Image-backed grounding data
****************

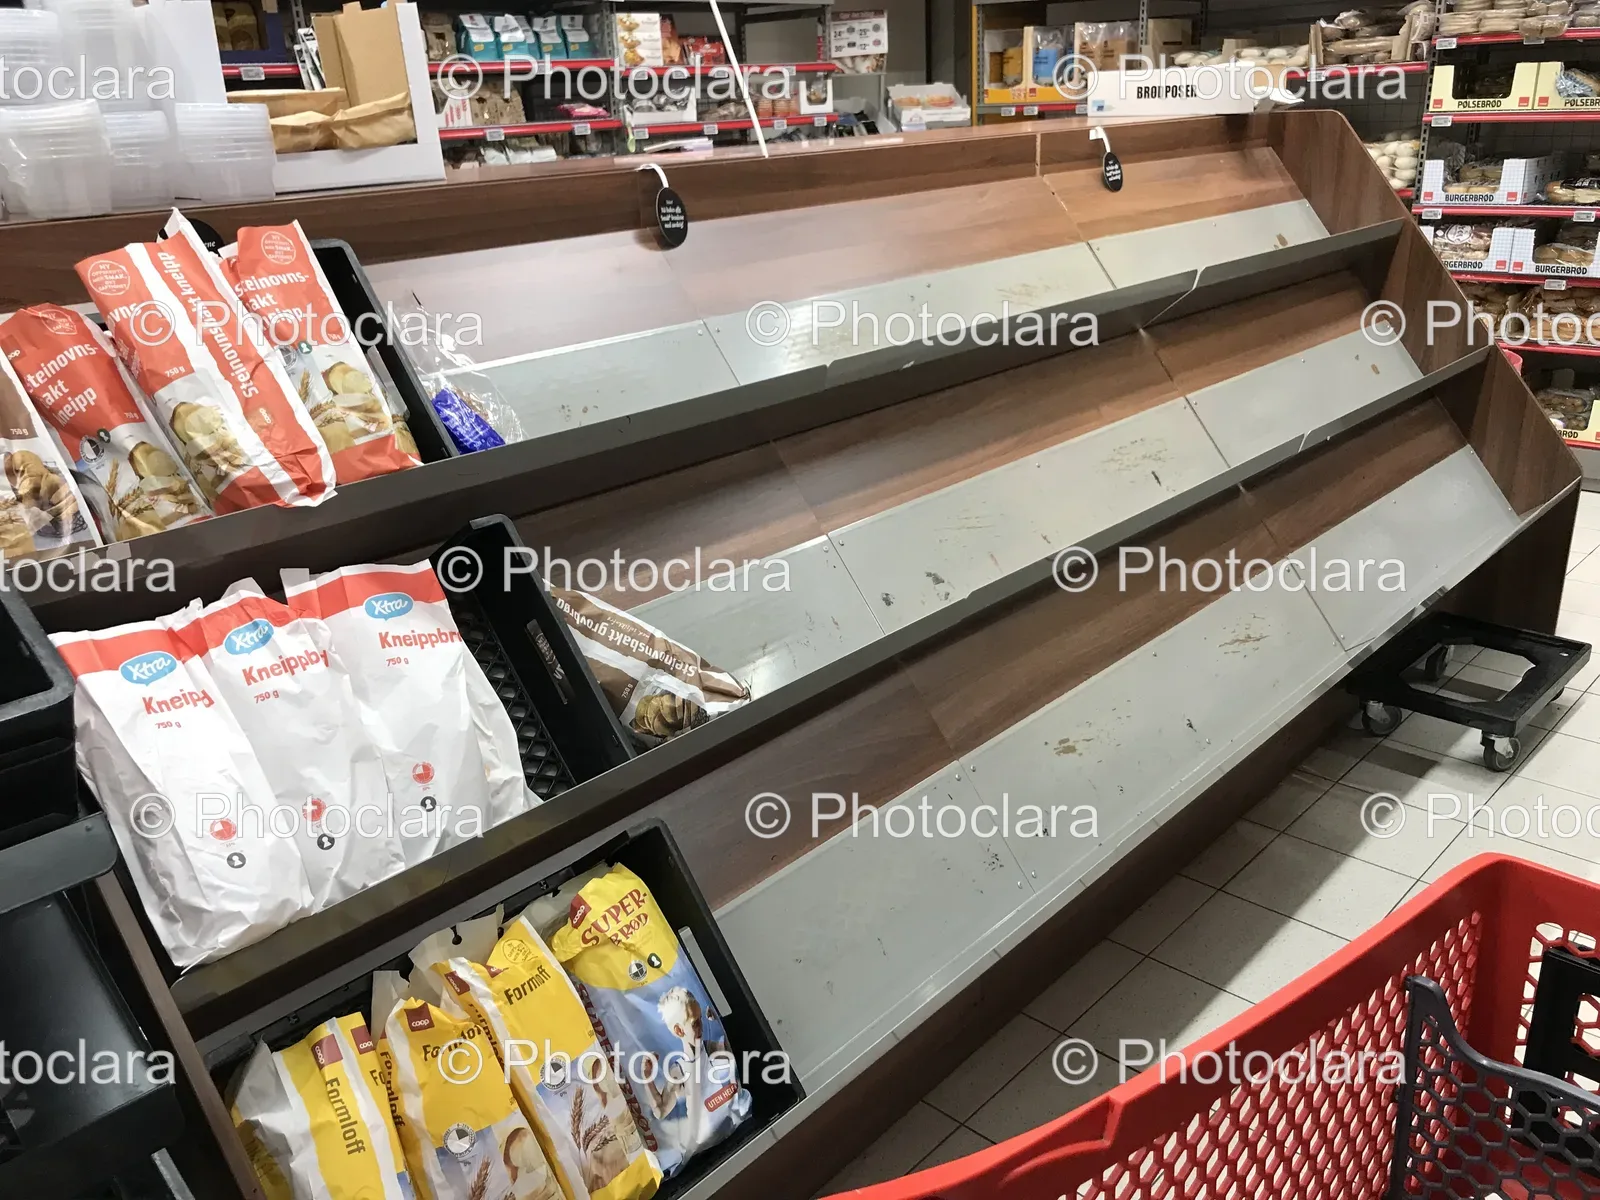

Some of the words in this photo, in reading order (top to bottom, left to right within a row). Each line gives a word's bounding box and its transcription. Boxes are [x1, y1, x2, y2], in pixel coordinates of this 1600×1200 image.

[1457, 99, 1502, 109] PØLSEBRØD
[1564, 98, 1600, 108] PØLSEBR
[1445, 194, 1494, 203] BURGERBRØD
[1442, 260, 1483, 269] RGERBRØD
[1535, 264, 1587, 275] BURGERBRØD
[157, 251, 197, 296] kneipp
[165, 367, 179, 378] 750
[10, 428, 23, 436] 750
[556, 597, 609, 637] grovbrød
[608, 627, 698, 678] Steinovnsbakt
[386, 656, 402, 667] 750
[253, 691, 271, 704] 750
[272, 689, 280, 699] g
[155, 720, 173, 730] 750
[174, 721, 182, 729] g
[572, 905, 586, 925] coop
[581, 888, 648, 946] SUPER-
[609, 912, 649, 946] BRØD
[411, 1018, 429, 1028] coop
[315, 1045, 325, 1065] coop
[707, 1094, 723, 1109] UTEN
[325, 1076, 366, 1156] Formloff
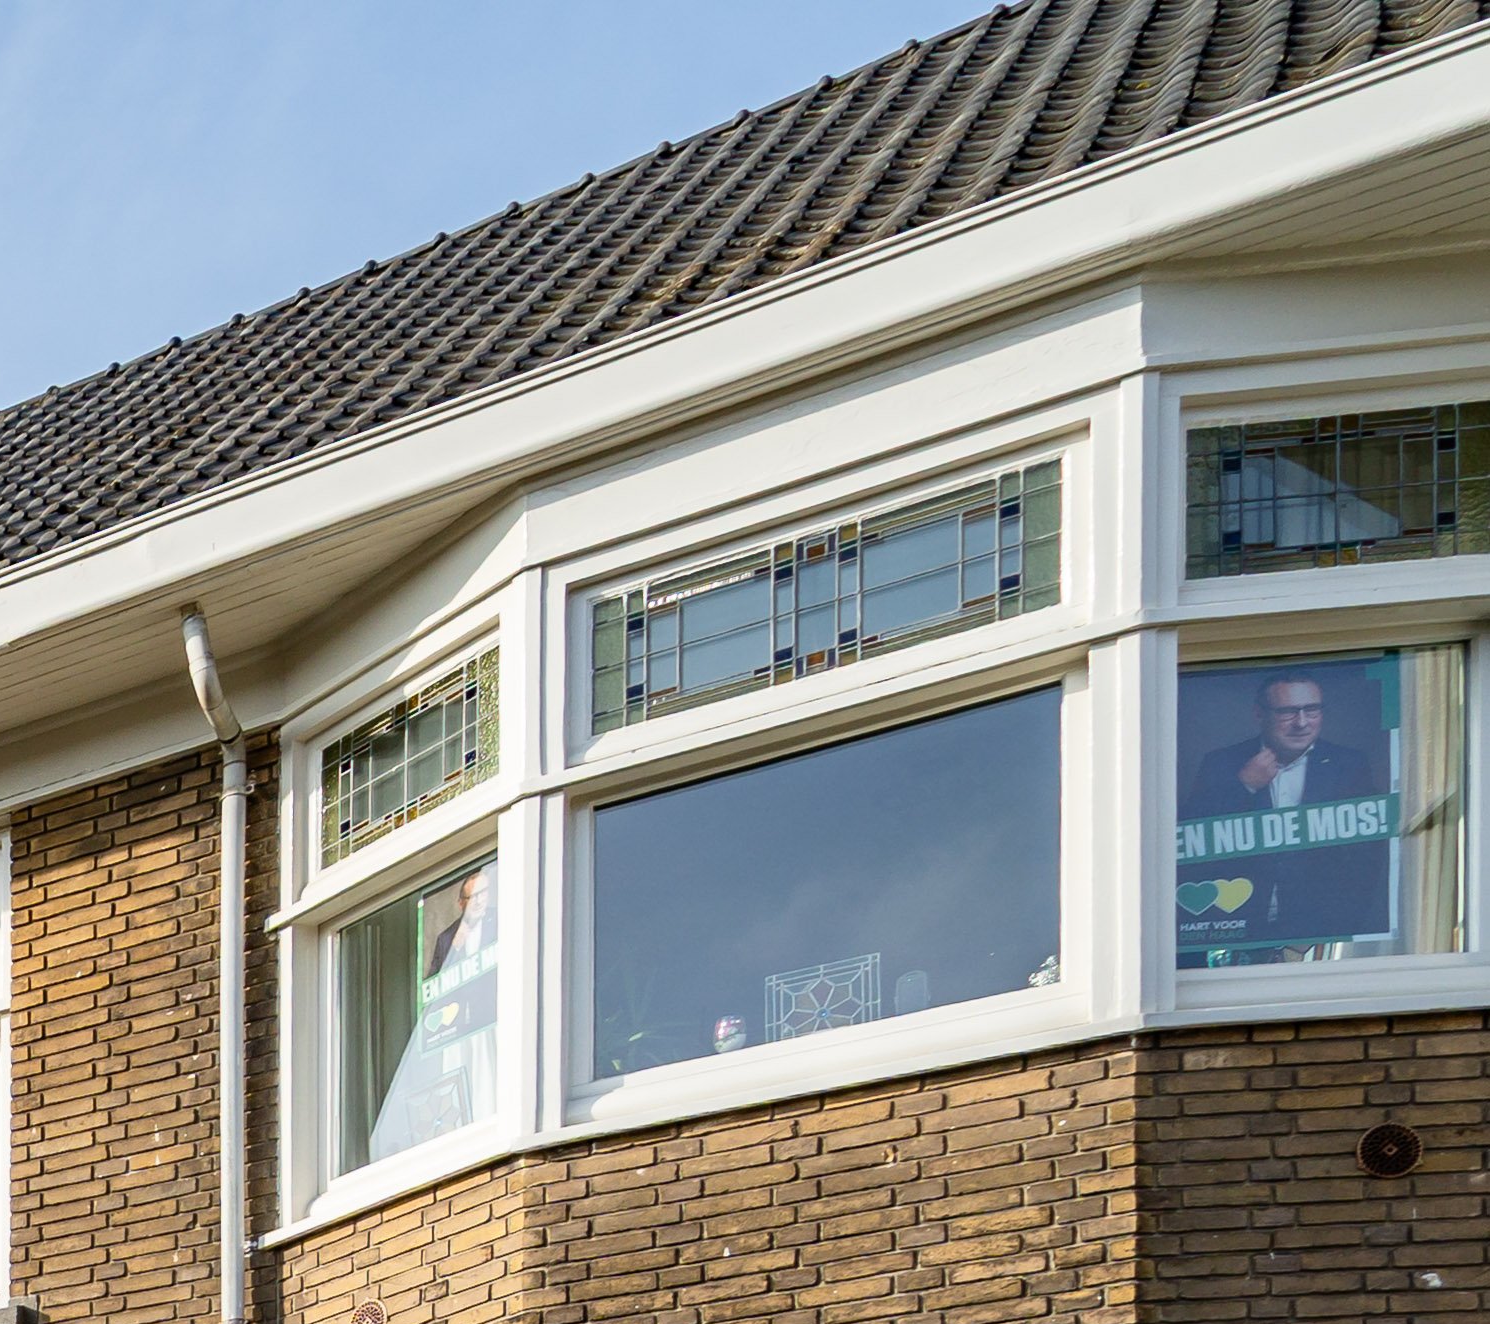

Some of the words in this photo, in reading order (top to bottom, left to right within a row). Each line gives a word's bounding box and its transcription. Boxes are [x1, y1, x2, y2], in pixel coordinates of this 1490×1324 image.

****************

### Requirement
Repeat the records in full, exactly as they appear, without the pictures.

### Answer box
Some of the words in this photo, in reading order (top to bottom, left to right within a row). Each line gives a word's bounding box and its transcription. Boxes are [x1, y1, x2, y2], in pixel coordinates of this 1600×1200 image.

[1457, 99, 1502, 109] PØLSEBRØD
[1564, 98, 1600, 108] PØLSEBR
[1445, 194, 1494, 203] BURGERBRØD
[1442, 260, 1483, 269] RGERBRØD
[1535, 264, 1587, 275] BURGERBRØD
[157, 251, 197, 296] kneipp
[165, 367, 179, 378] 750
[10, 428, 23, 436] 750
[556, 597, 609, 637] grovbrød
[608, 627, 698, 678] Steinovnsbakt
[386, 656, 402, 667] 750
[253, 691, 271, 704] 750
[272, 689, 280, 699] g
[155, 720, 173, 730] 750
[174, 721, 182, 729] g
[572, 905, 586, 925] coop
[581, 888, 648, 946] SUPER-
[609, 912, 649, 946] BRØD
[411, 1018, 429, 1028] coop
[315, 1045, 325, 1065] coop
[707, 1094, 723, 1109] UTEN
[325, 1076, 366, 1156] Formloff

Some of the words in this photo, in reading order (top to bottom, left to right within a row). Each line gives a word's bounding box and its transcription. Boxes are [x1, y1, x2, y2], in pixel coordinates of this 1490×1324 image.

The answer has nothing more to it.